Indeed, in a case decided on March 21, 2001, one of the judges in the majority, after holding that a "remand is required” for "re-adjudication in light of the VCAA” as to a certain claim (for Ghon's complex), went on to point out a specific BVA adjudication mistake as to that claim, as follows:

Further, in adjudicating claims, the Board is required to base its decisions upon all evidence and material of record and to consider all applicable provisions of law and regulation. 38 U.S.C. § 7104(a); see also 38 C.F.R. § 3.303(a) (2000).

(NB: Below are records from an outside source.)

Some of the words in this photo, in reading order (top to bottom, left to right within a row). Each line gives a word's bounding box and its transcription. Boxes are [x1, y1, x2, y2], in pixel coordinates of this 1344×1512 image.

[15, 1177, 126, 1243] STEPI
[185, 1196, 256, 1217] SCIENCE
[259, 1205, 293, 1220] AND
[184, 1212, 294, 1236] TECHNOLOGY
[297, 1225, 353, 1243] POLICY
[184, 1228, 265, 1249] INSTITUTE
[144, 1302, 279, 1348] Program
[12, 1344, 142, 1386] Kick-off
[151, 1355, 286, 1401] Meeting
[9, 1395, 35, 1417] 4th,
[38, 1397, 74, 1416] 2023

The Board must provide an adequate written statement of the reasons or bases for its findings and conclusions on "all material issues of fact or law presented on the record.” 38 U.S.C. § 7104(d)(1); see also Gilbert v. Derwinski, 1 Vet.App. 49, 56-57 (1990). The Court agrees with the appellant that in denying an increased rating for Ghon's complex, the Board erroneously failed to discuss a May 1998 VA medical opinion....

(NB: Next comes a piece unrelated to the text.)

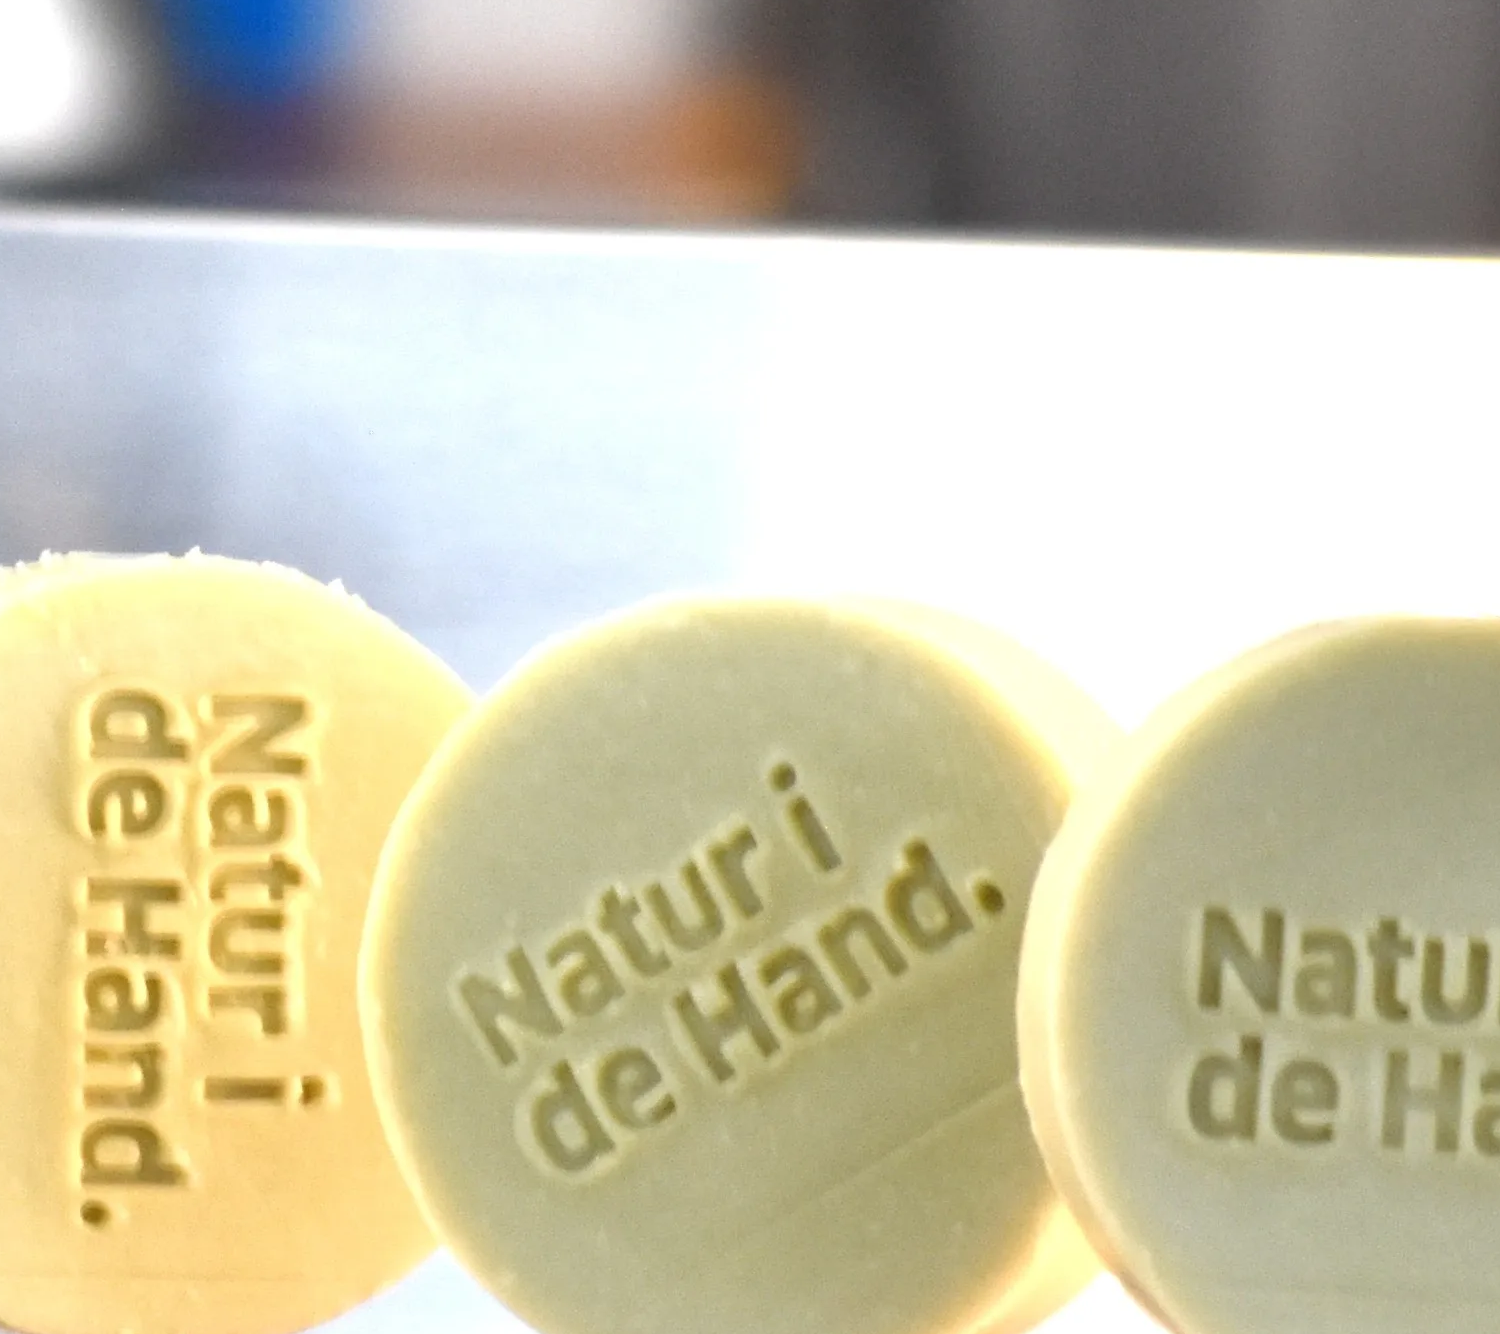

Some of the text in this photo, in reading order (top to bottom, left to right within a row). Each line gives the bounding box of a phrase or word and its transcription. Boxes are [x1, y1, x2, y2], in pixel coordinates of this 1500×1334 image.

Williams v. Principi, No. 99-2255, 2001 WL 282669, at *2 (Vet.App. Mar.21, 2001) (single-judge order).

. See Holliday, 14 Vet.App. at 286 (holding that "all provisions of the VCAA are potentially applicable to claims pending on the date of the VCAA's enactment”); Woods v. Gober, 14 Vet.App. 214, 218-23 (2000) (Court remands claim because presumption of regularity was rebutted (part II.A.) and for violation of Stegall v. West, 11 Vet.App. 268 (1998) (part II.B.)); Sachs v. Gober, 14 Vet.App. 175, 180 (2000) (Court orders Board to take certain actions only if Board, on remand, finds certain facts to be true), superseded in part by Sachs v. Principi, 14 Vet.App. 298 (2001) (vacating Board decision in light of enactment of VCAA); Nolen v. Gober, 14 Vet.App. 183, 184 (2000) (assigning error as to duty-to-assist violation and as to failure to apply 38 U.S.C. § 1154(b) properly); Campbell v. Gober, 14 Vet.App. 142, 144 (2000) ("[o]nce the Board determines that a claim is well grounded ... this Court must address on its merits any argument that the Secretary failed to fulfill the duty to assist” (emphasis added)); Timberlake v. Gober, 14 Vet.App. 122, 131-35 (2000) (vacating and remanding for consideration of 38 U.S.C. § 1318 and providing instruction to BVA if it finds that section 1318 applies to remanded claim; also noting that Court "need not address in detail the remaining arguments” raised by the appellant and briefly addressing those arguments (emphasis added)); Stone v. Gober, 14 Vet.App. 116, 118-21 (2000) (remanding due to inadequate statement of reasons or bases and due to violation of duty to assist, and then considering "additional arguments raised in the appellant’s brief”); McCormick v. Gober, 14 Vet.App. 39, *4650 (2000) (remanding with orders to BVA to correct three separate and distinct errors, each of which could have served as independent remand ground); McGrath v. Gober, 14 Vet.App. 28, 35 (2000) (advising BVA as to how to adjudicate remanded claim if certain facts are found).

. See Sachs, Nolen, Campbell, Timberlake, Stone, and McGrath, all supra.

. See, e.g. Nolen v. Gober, 222 F.3d 1356, 1361 (Fed.Cir.2000) (holding that this Court erred by prematurely considering well groundedness, but also noting Court error as to its consideration of nonprejudicial-error rule); Winters v. Gober, 219 F.3d 1375, 1380 (Fed.Cir.2000) (vacating this Court's opinion for failure to consider Hodge v. West, 155 F.3d 1356 (Fed.Cir.1998), both because Court "exceeded its statutory authority” and because Court "prejudiced [appellant] by basing its decision on a different ground from that relied on by the Board”); Schroeder v. West, 212 F.3d 1265 (Fed.Cir.2000) ("[b]ecause th[is Court]'s decision applies an incorrect standard of proof to the evidence presented and is based on de novo fact finding by th[is Court], it must be vacated and the case remanded” (emphasis added)).

.I am puzzled as to how the Board could have made an "error” by not considering a law not yet enacted at the time of the Board decision, but that is the least of my concerns at this point.